16. Discussion • Strong coronal magnetic fields, exceeding ~200 G, appear necessary (though not sufficient) for the formation of super-hot plasma. This inference is supported by coronal fields inferred from µ-waves during X-class flares (e.g. Asai et al. 2006, PASJ, 58, L1), and is consistent with formation in the corona by compression of reconnected loops (Caspi & Lin 2010), though other explanations are, of course, also possible. • The inferred magnetic field strength B ∝ β1/2 is a strict lower limit since β < 1 (else the magnetic field could not contain the thermal plasma, and it would expand and cool).

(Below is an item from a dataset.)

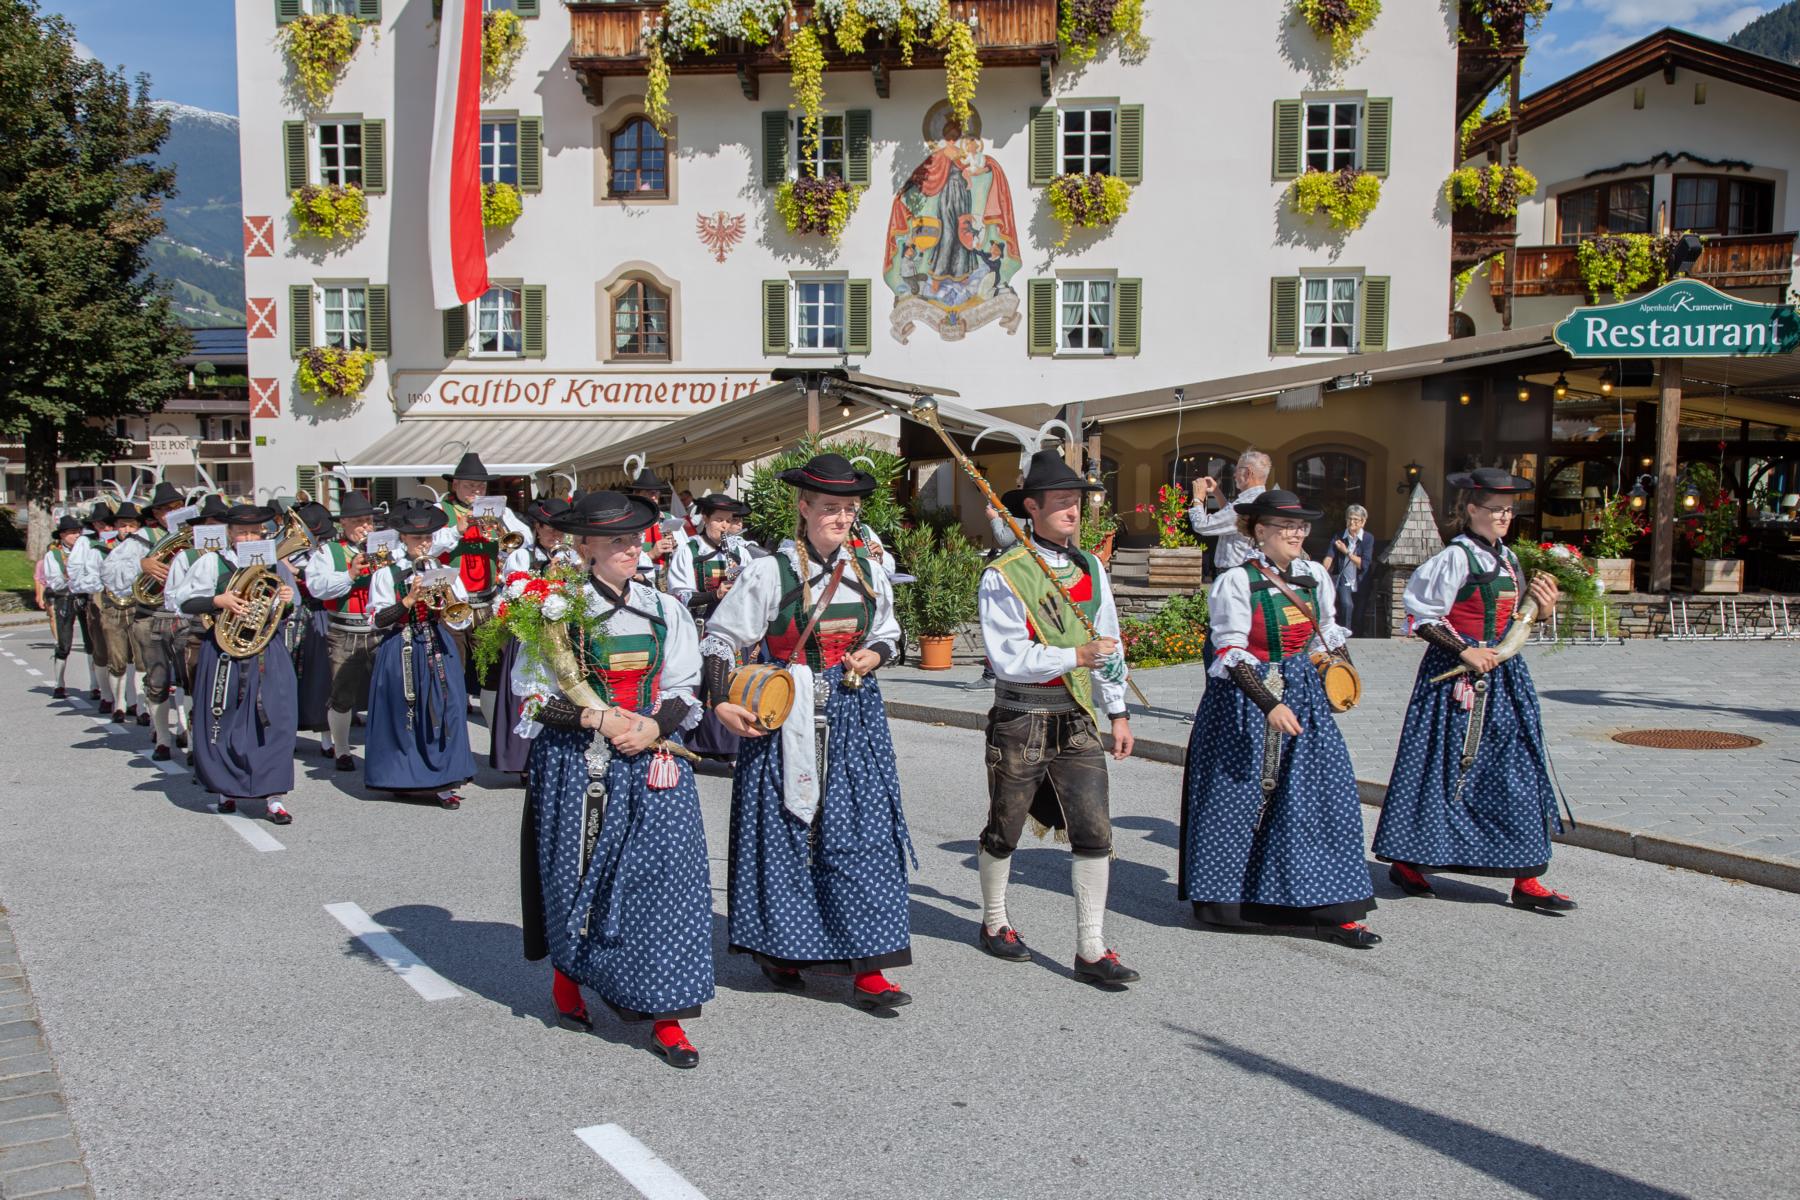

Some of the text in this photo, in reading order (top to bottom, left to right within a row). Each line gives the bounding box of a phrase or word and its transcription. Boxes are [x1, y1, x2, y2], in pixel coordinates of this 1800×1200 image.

[1639, 296, 1733, 313] Alpenhotel Kramerwirt
[1584, 316, 1784, 348] Restaurant
[561, 376, 761, 408] Kramerwirt

Since B cannot exceed the photospheric value (no more than 1000-3000 G even in the most intense active regions), this also provides a lower limit on the coronal/super-hot β of >0.01, and µ-wave observations (per above) suggest that β ≈ 1.

17. Summary Our analysis of 37 M- and X-class flares has shown that: • Maximum RHESSI and GOES temperatures are strongly correlated with GOES class, but the RHESSI correlation is significantly steeper; the (bimodal) temperature distribution likely also scales with GOES class • Maximum thermal energy is strongly correlated with GOES class; • Super-hot flares are strongly associated with a high electron number density and a high maximum thermal energy density, and thus with strong coronal magnetic fields; super-hot plasma may thus reflect not only higher temperatures, but a higher energy input into the plasma; • β ≈ 1 in the super-hot region, suggesting that the plasma is efficiently heated to its physical maximum These correlations and associations that distinguish super-hot and non-super-hot flares may help to constrain models of flare reconnection and subsequent plasma heating.